* [REQUIRED WORK]:
Leaving the pictures aside, repeat every line below exactly.

* [DATA PROVIDED]:
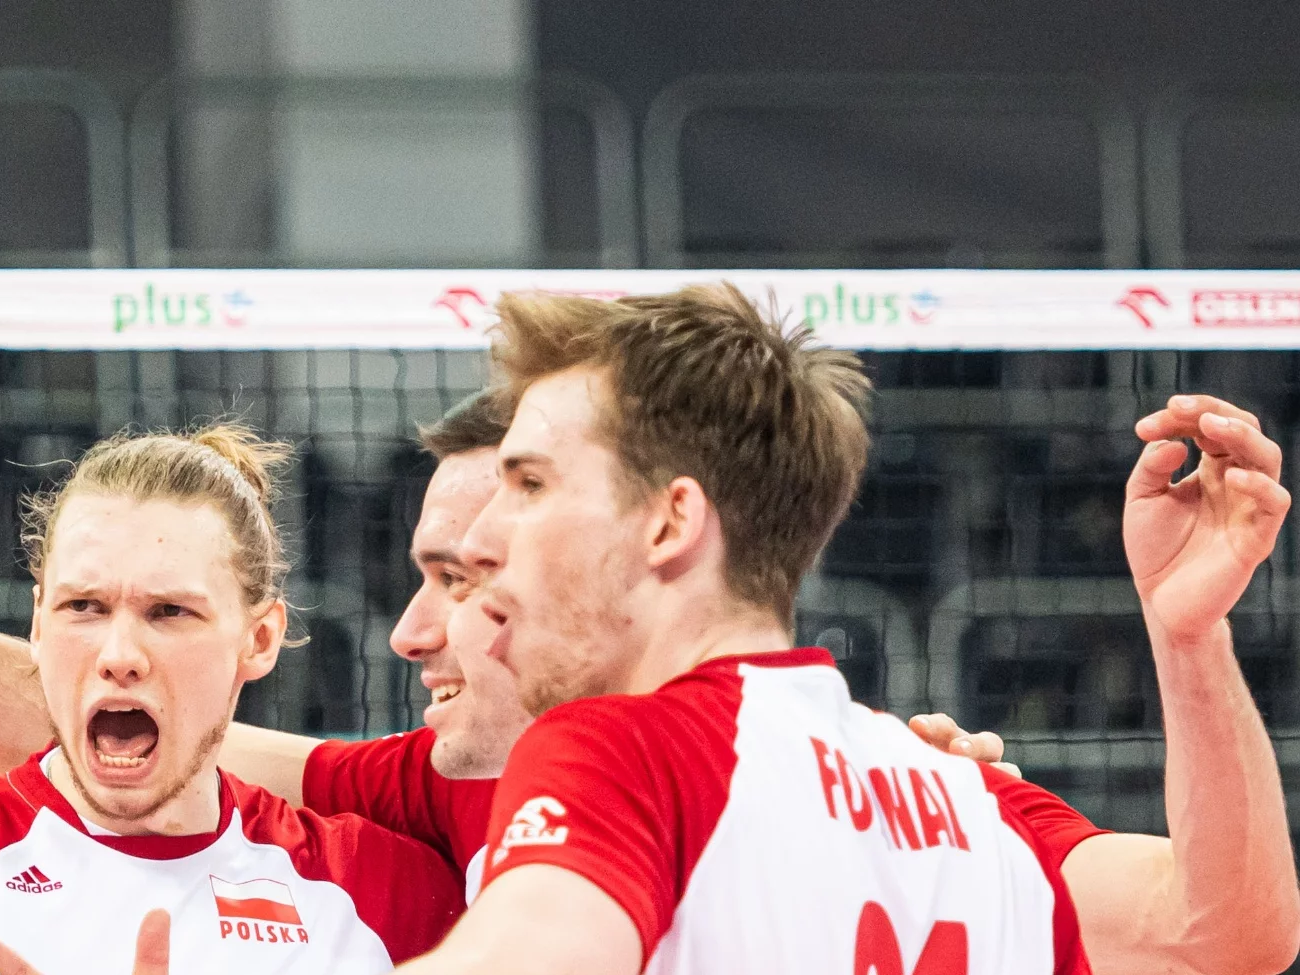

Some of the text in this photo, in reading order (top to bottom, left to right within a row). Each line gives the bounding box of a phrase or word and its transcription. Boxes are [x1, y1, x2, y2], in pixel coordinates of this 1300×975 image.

[112, 281, 212, 333] plus
[805, 281, 899, 329] plus
[5, 880, 63, 894] adidas
[220, 920, 309, 944] POLSKA

* [REPLY]:
Some of the text in this photo, in reading order (top to bottom, left to right within a row). Each line gives the bounding box of a phrase or word and its transcription. Boxes are [x1, y1, x2, y2], in pixel coordinates of this 1300×975 image.

[112, 281, 212, 333] plus
[805, 281, 899, 329] plus
[5, 880, 63, 894] adidas
[220, 920, 309, 944] POLSKA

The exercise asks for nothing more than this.